The requirements of the May 2021 CBI letter are addressed to UCITS managers, which will include the boards of SMICs. So in those cases the requirement will be for boards to ensure a review for compliance with that letter (and the ESMA letter as well as other items referenced therein) has been conducted and documented and to table and approve an action plan to address any updates required.


Ok – so they don’t need to have implemented the changes by year end but they do need to have completed the review to ascertain what changes are appropriate- so this should be formally NOTED- and then they would proceed to RESOLVE to approve an action plan to ensure they are implemented. I would suggest that the minutes of the board meeting where this action plan is approved should be pretty detailed in order to satisfy the CBI’s requirements around independence and challenge as well as to evidence proper “discussion” of the proposals as required.

 

Question: What kind of questions might Boards members ask as part of these discussions ?

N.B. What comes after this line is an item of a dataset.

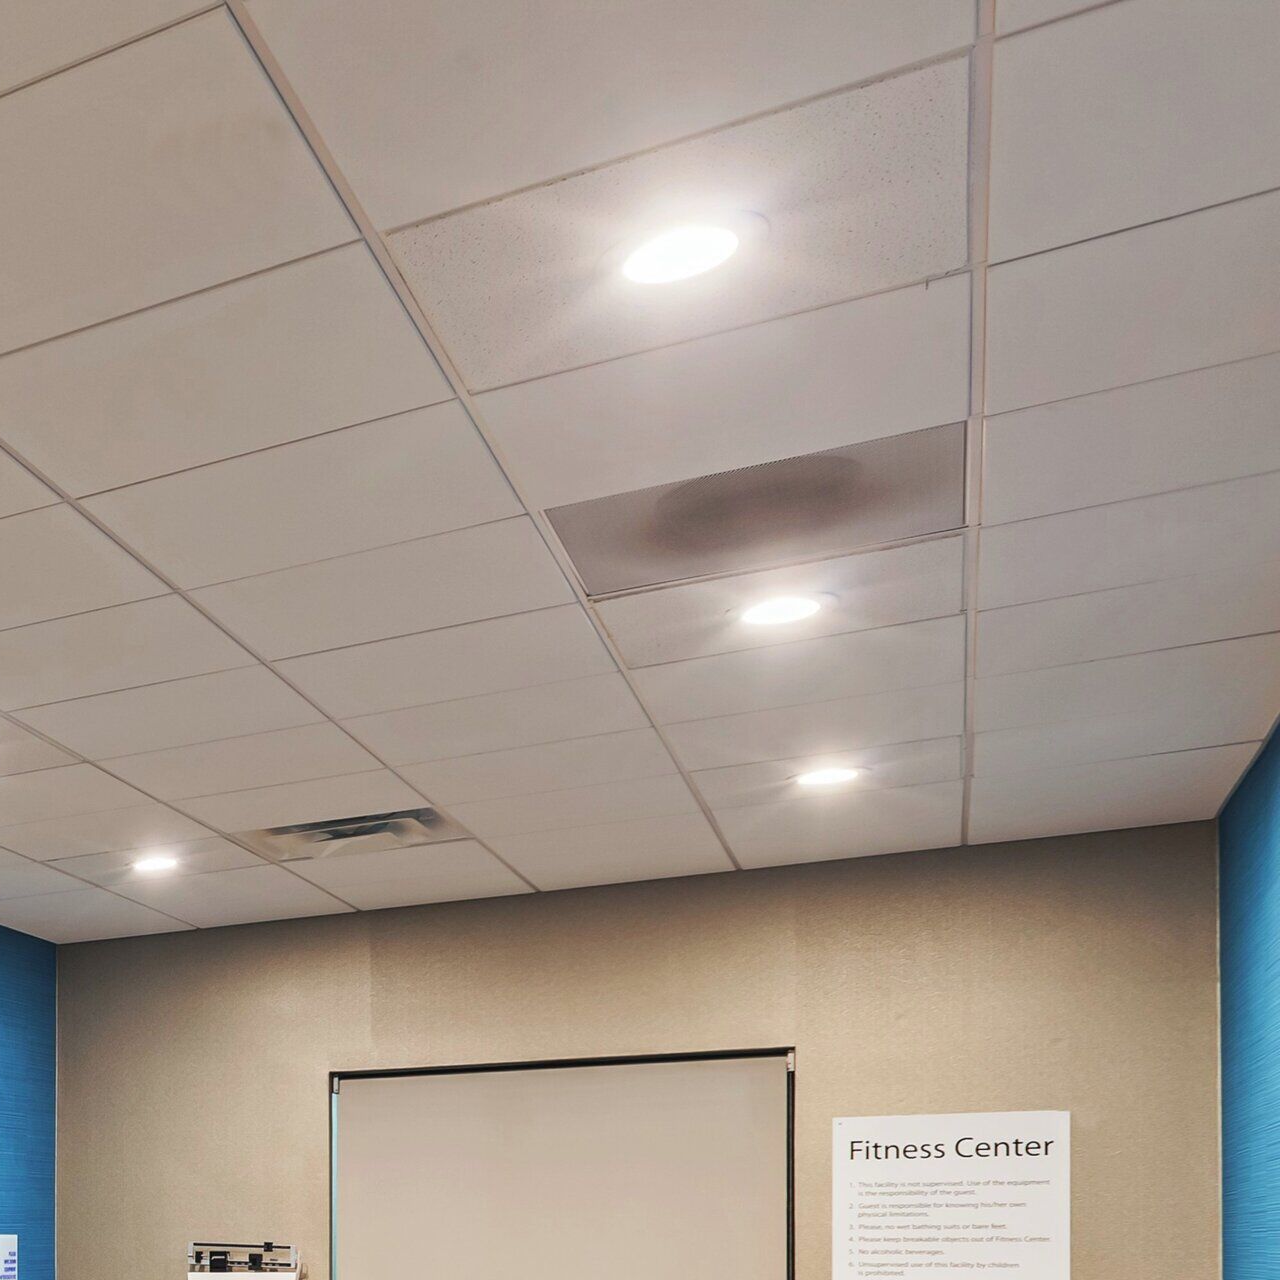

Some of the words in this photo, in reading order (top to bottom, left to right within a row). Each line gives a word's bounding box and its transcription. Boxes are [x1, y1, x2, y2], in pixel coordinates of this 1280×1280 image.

[849, 1140, 946, 1160] Fitness
[955, 1137, 1055, 1158] Center
[906, 1180, 920, 1188] not

So – some of the questions that directors might consider posing might be:


• Who had primary responsibility for conducting the review – the Designated Person, the lawyers, the asset manager ?
• Have all of these parties fed into it ?
• were any objections registered to any aspect of it ?
• Have any difficulties in implementing it in practice been identified ?
• What are the likely costs of implementation (for example will new software licences be required). That seems a common theme in practice.

• Will there be additional ongoing costs as a result of implementation ? (extra hours for service providers or might the work required constitute an additional service ? etc).
• What is the likely timeline for implementation
• Who will provide the ultimate confirmation to the board that this has all been implemented ?


Question: so we have heard about SMICs and Mancos, but what about boards who have appointed a separate Manco ?

Now in the case of separately managed entities their UCITS boards are not directly in scope for the specific obligations of this exercise, but as we know the CBI has issued guidance noting that ultimate responsibility for the appointment and oversight of the management company rests with the fund board, so the requirement of the fund board will be to ensure that the management company is on top of this issue. So at the very least the fund boards should be seeking confirmation of this from the management company that this is the case and then they should be documenting the fact that they Noted this confirmation had been received in their minutes.

However, to ensure they are exercising the appropriate level of oversight expected of fund boards I would suggest it would be appropriate to go beyond this. I would recommend that the board should request a formal presentation on this be given by the management company and then they should probe the matter to some extent, request a copy of the review and action plan and ask questions perhaps along the lines of those I have outlined.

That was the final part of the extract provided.